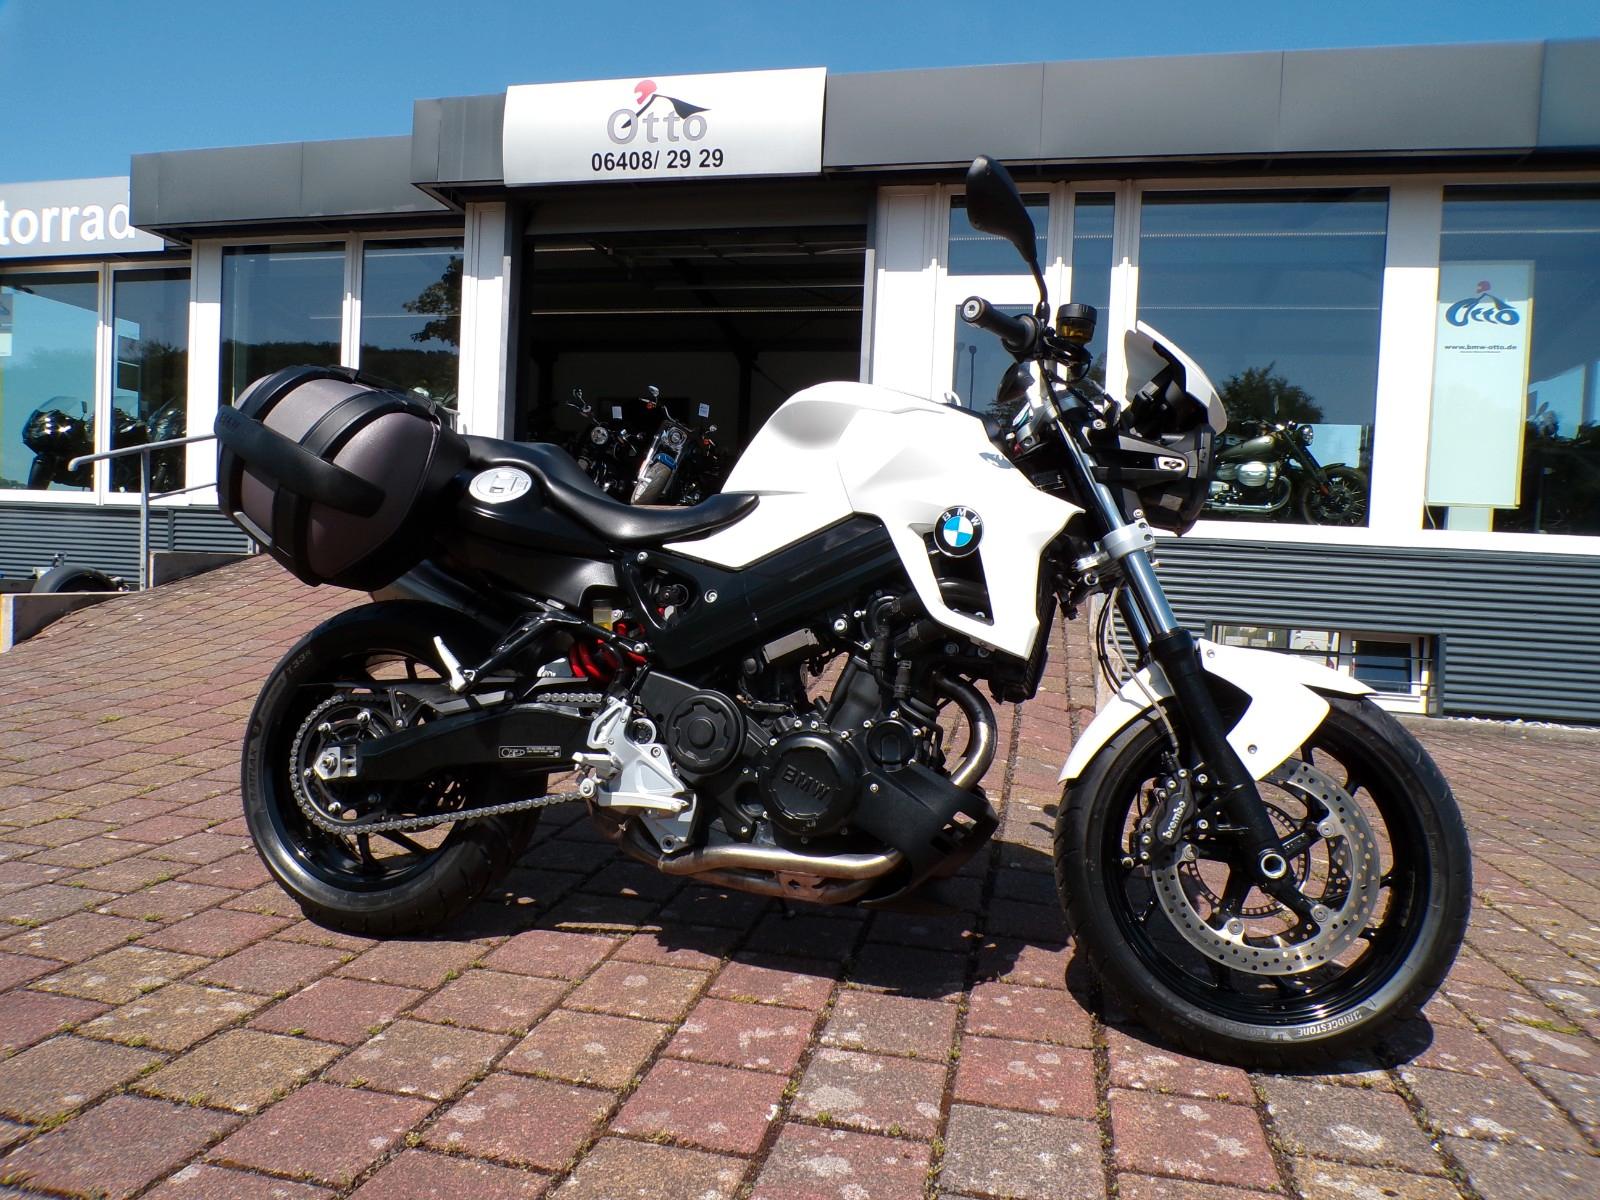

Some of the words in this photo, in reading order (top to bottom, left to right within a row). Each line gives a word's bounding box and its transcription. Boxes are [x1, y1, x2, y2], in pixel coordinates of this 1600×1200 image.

[606, 108, 708, 145] Otto
[591, 150, 660, 172] 06408/
[666, 149, 692, 170] 29
[698, 148, 725, 169] 29
[1444, 343, 1518, 351] www.bmw-otto.de
[942, 508, 982, 527] BMW
[782, 764, 831, 801] BMW
[1162, 801, 1187, 839] brembo
[1296, 1010, 1364, 1038] BRIDGESTONE
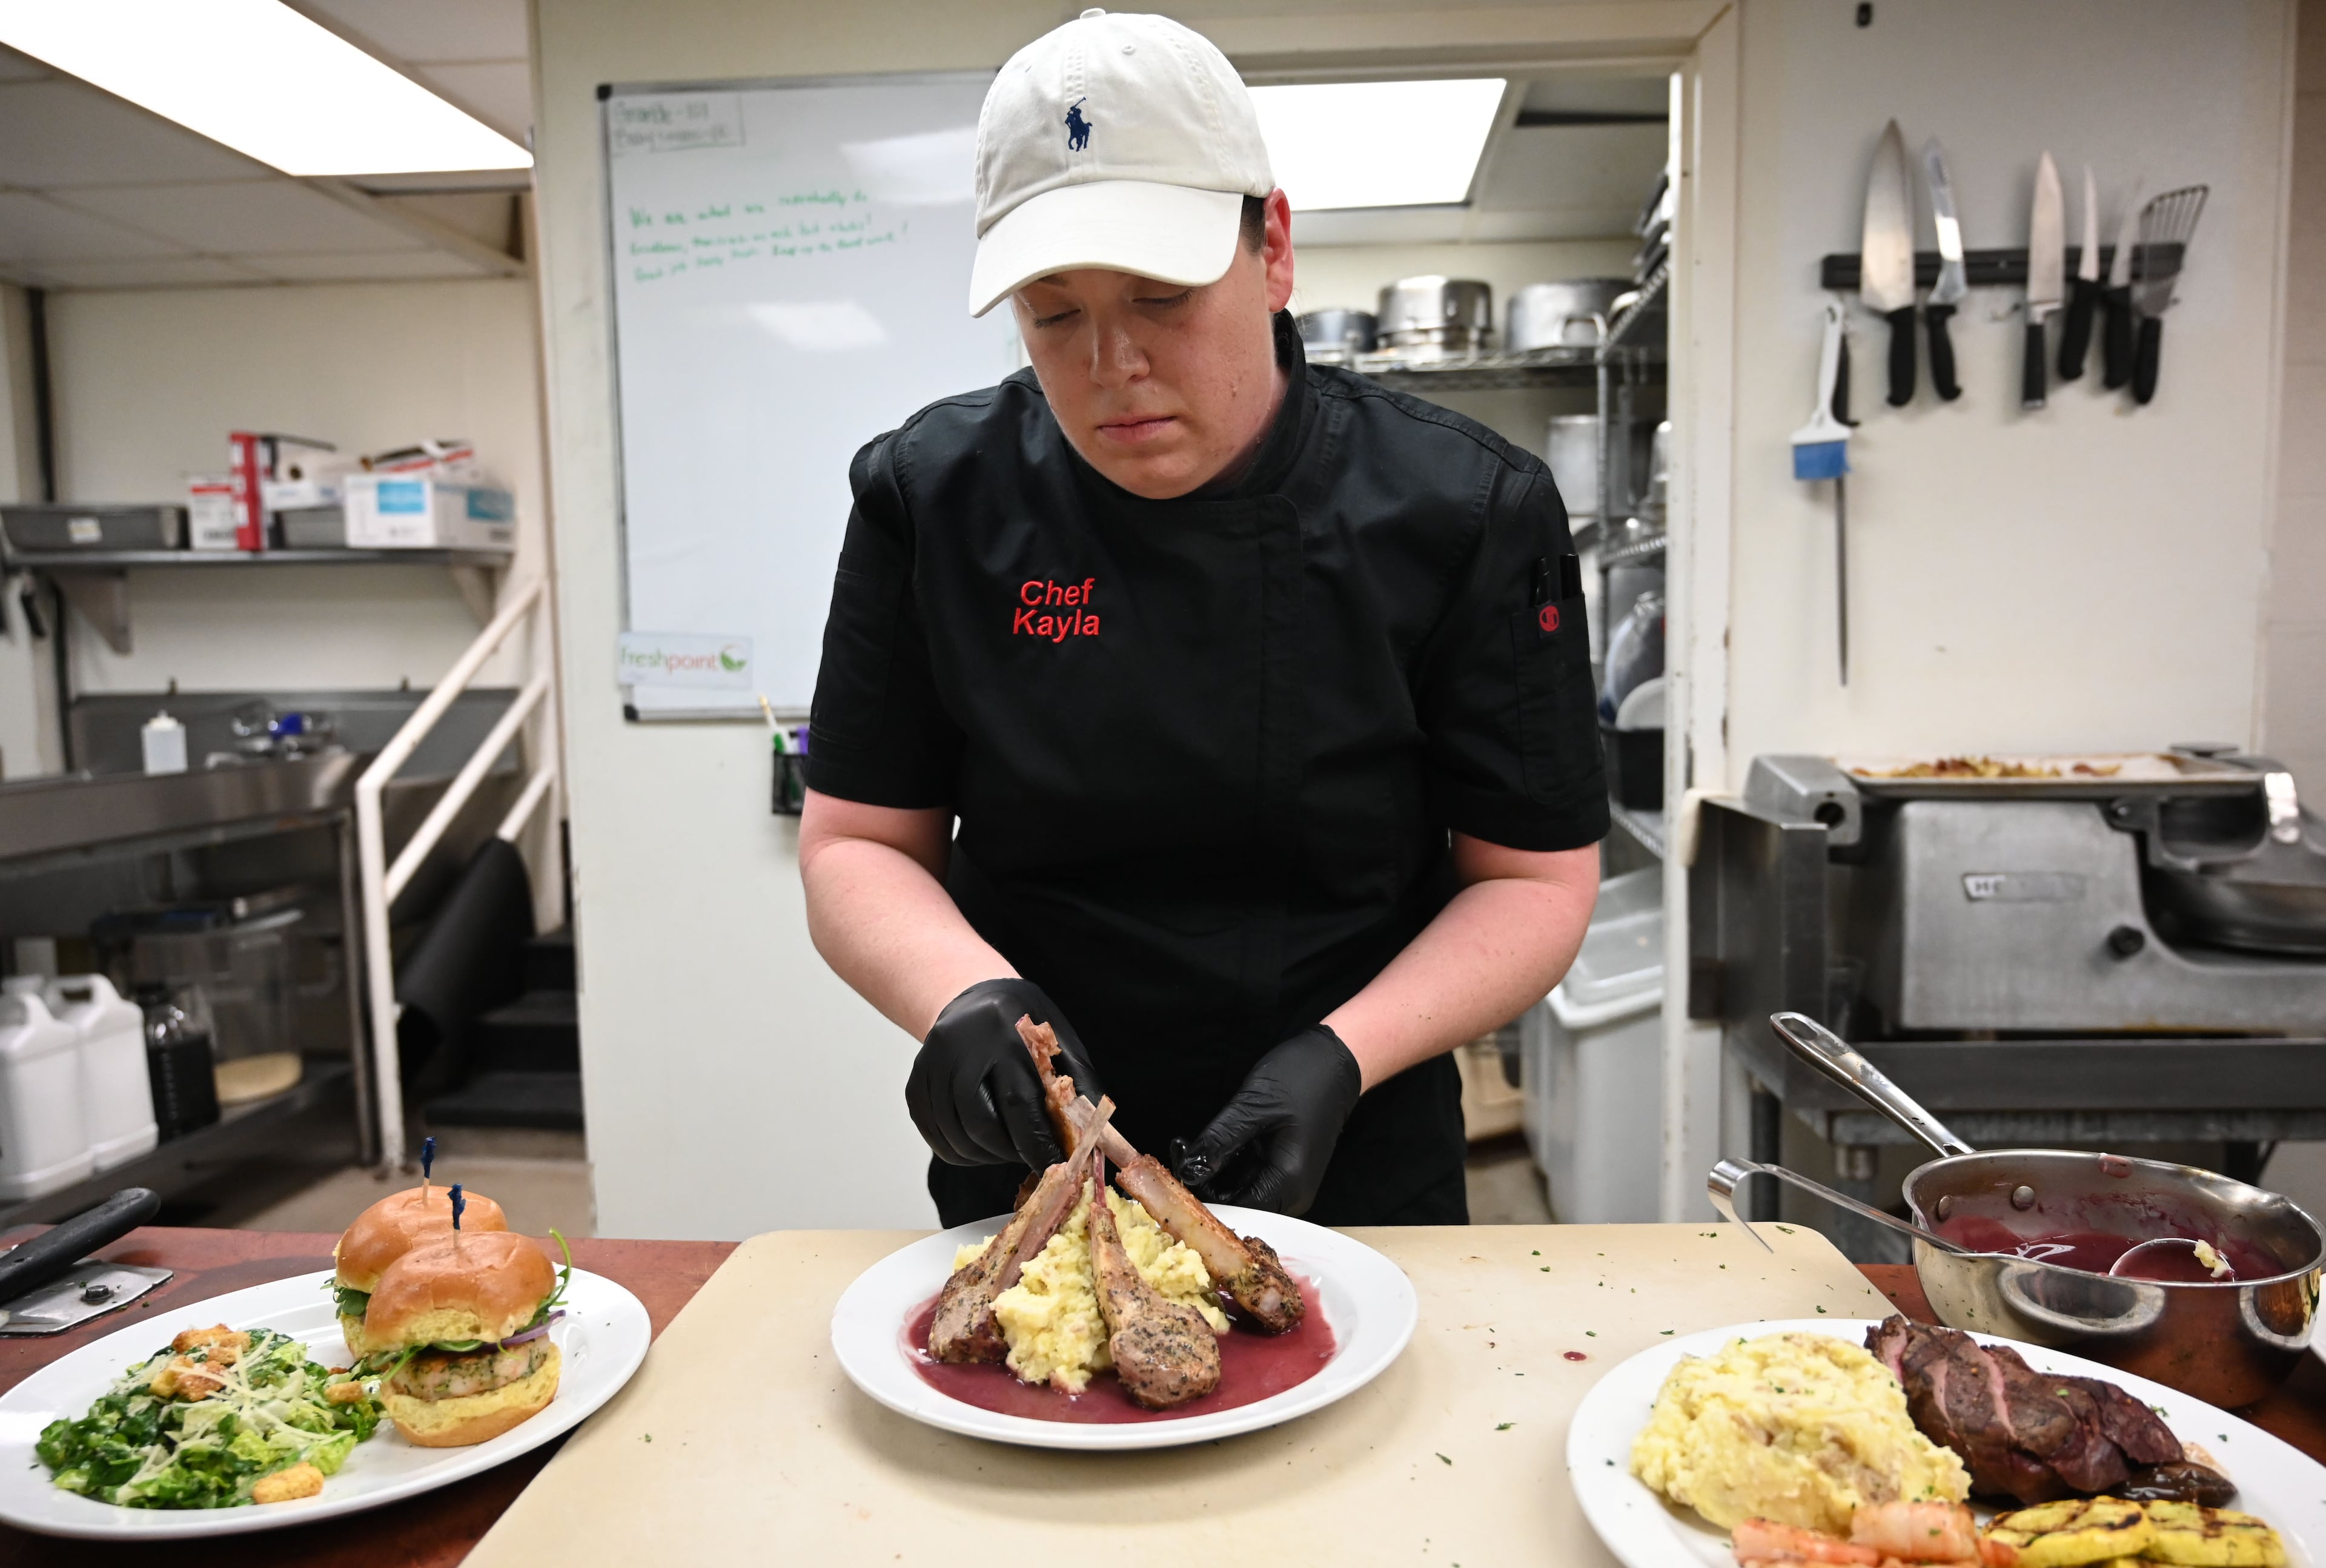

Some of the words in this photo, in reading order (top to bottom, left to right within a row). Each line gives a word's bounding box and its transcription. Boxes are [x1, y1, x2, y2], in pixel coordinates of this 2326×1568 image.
---------------
Copy out each record shown above without alteration, skipping any picture.

Some of the words in this photo, in reading order (top to bottom, left to right within a row). Each line gives a word's bounding box and its transcription. Boxes are [x1, y1, x2, y2], in pixel coordinates of this 1600×1200 image.

[606, 108, 708, 145] Otto
[591, 150, 660, 172] 06408/
[666, 149, 692, 170] 29
[698, 148, 725, 169] 29
[1444, 343, 1518, 351] www.bmw-otto.de
[942, 508, 982, 527] BMW
[782, 764, 831, 801] BMW
[1162, 801, 1187, 839] brembo
[1296, 1010, 1364, 1038] BRIDGESTONE

Some of the words in this photo, in reading order (top to bottom, left to right within a row). Each line gives a word's bounding box and its transcription. Boxes are [x1, y1, x2, y2], in pixel coordinates of this 2326×1568 image.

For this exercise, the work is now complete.